YOUR ASSIGNMENT :: Your task is to copy the data exactly while leaving out every picture.

RAW DATA ::
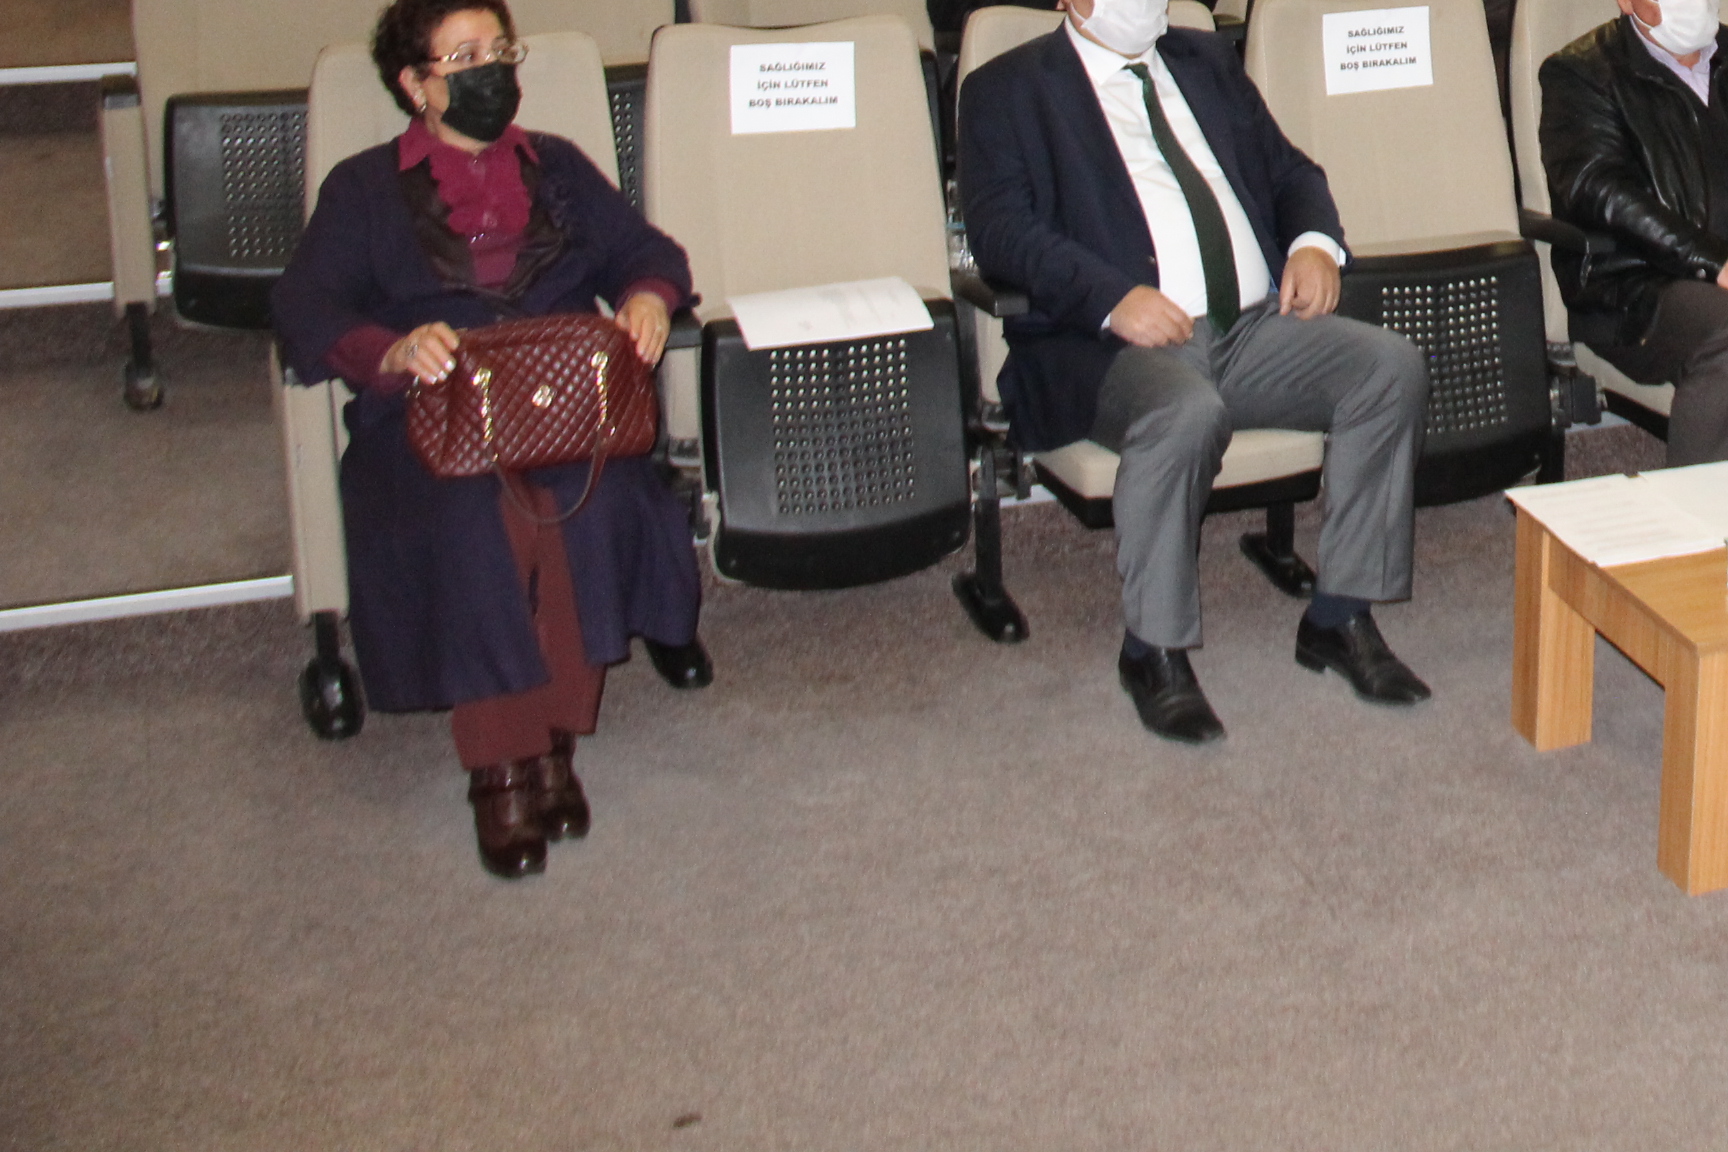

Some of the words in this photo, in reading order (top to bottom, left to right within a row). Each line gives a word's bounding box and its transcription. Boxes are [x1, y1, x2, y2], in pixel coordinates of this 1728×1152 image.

[1348, 26, 1404, 38] SAĞLIĞIMIZ
[1347, 45, 1366, 55] İÇİN
[1370, 42, 1407, 52] LÜTFEN
[760, 62, 825, 72] SAĞLIĞIMIZ
[1340, 62, 1359, 71] BOŞ
[1362, 57, 1416, 68] BIRAKALIM
[757, 80, 780, 91] İÇİN
[784, 80, 828, 88] LÜTFEN
[749, 99, 771, 108] BOŞ
[775, 97, 838, 106] BIRAKALIM
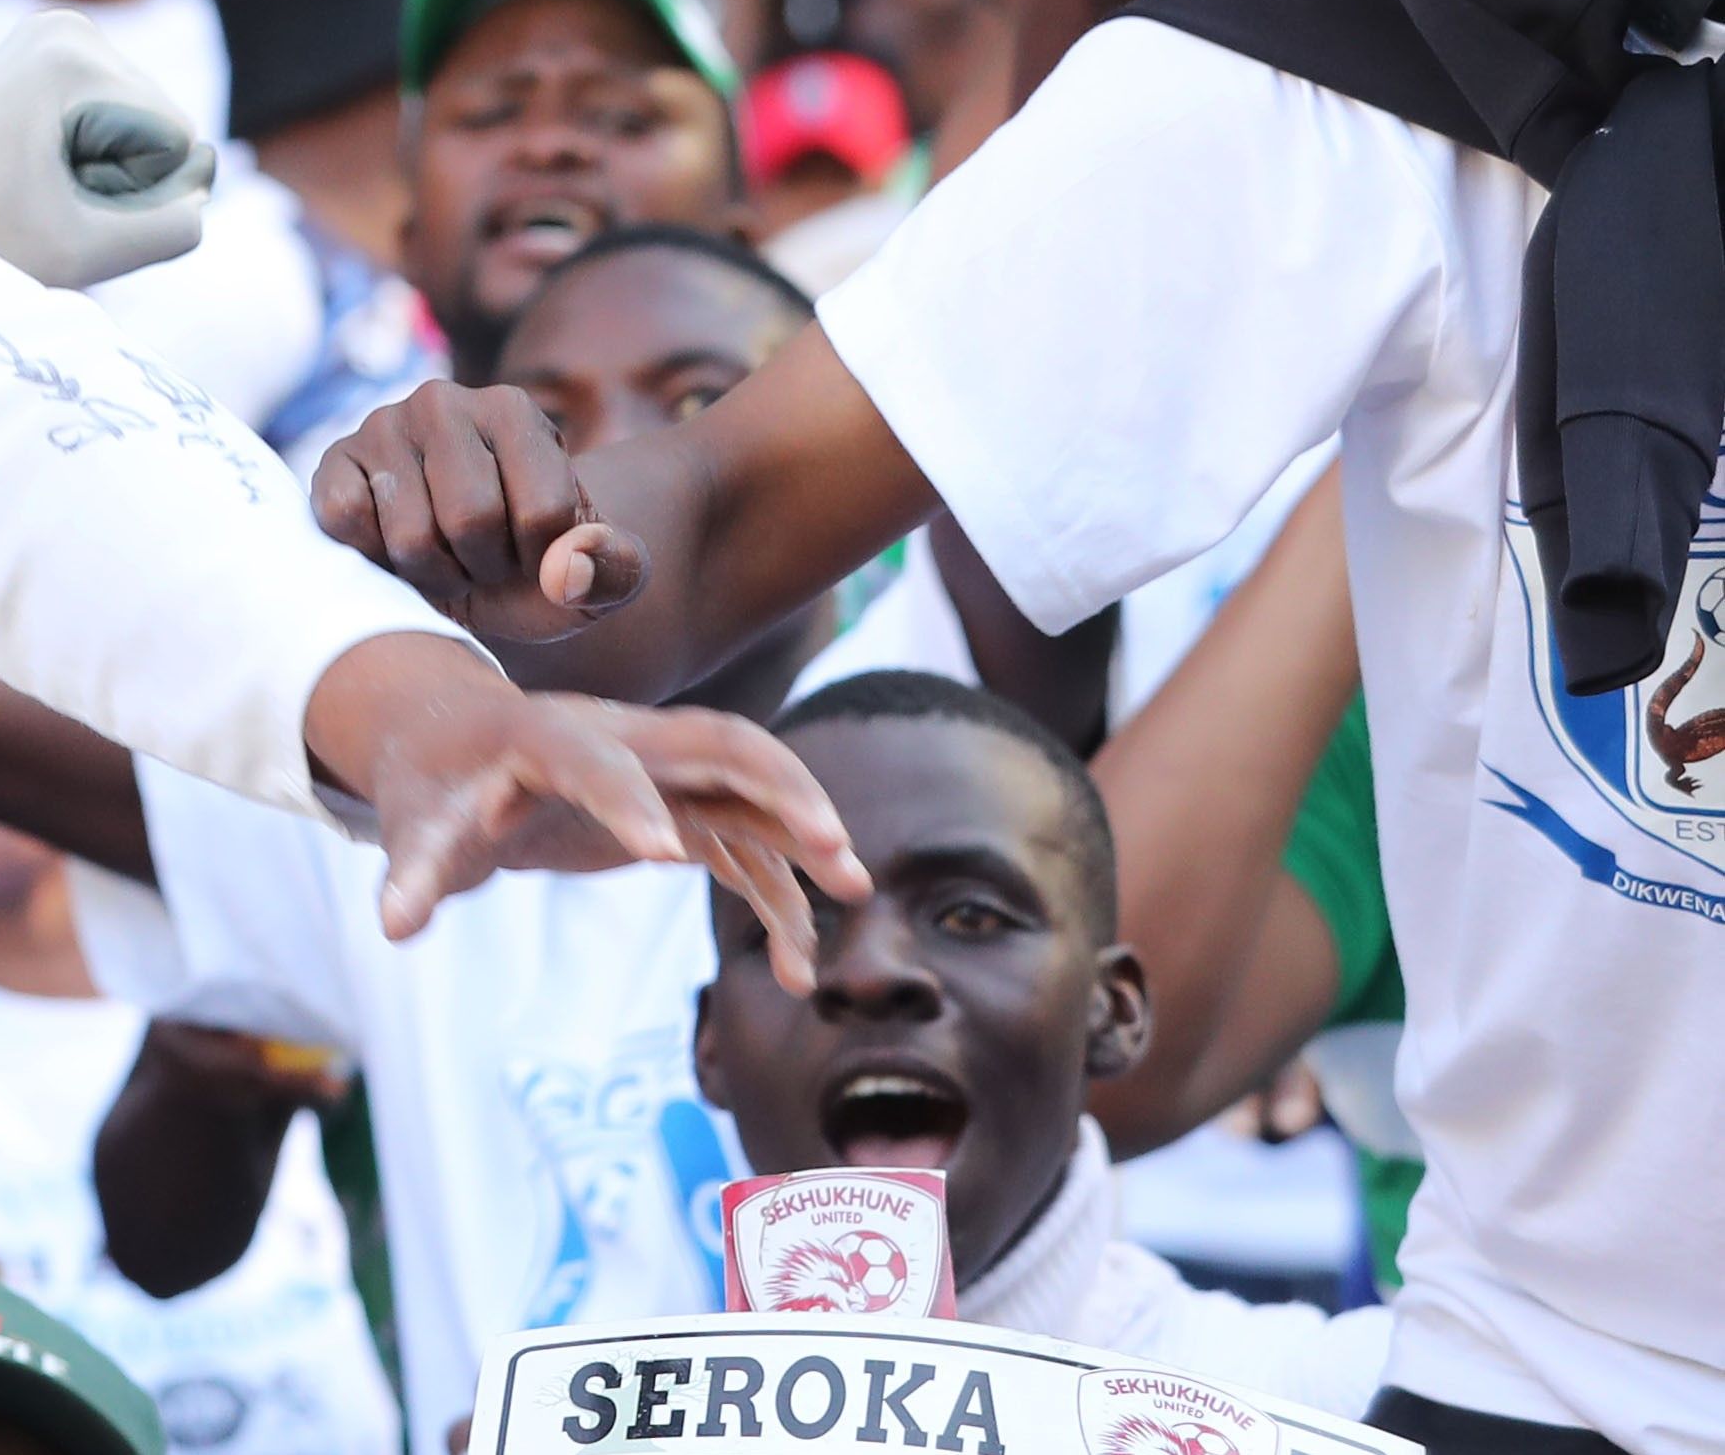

WRITTEN RESPONSE ::
Some of the words in this photo, in reading order (top to bottom, left to right within a row). Each line gives a word's bounding box and its transcription. Boxes are [x1, y1, x2, y2], in pixel coordinates of this 1728×1152 image.

[1348, 26, 1404, 38] SAĞLIĞIMIZ
[1347, 45, 1366, 55] İÇİN
[1370, 42, 1407, 52] LÜTFEN
[760, 62, 825, 72] SAĞLIĞIMIZ
[1340, 62, 1359, 71] BOŞ
[1362, 57, 1416, 68] BIRAKALIM
[757, 80, 780, 91] İÇİN
[784, 80, 828, 88] LÜTFEN
[749, 99, 771, 108] BOŞ
[775, 97, 838, 106] BIRAKALIM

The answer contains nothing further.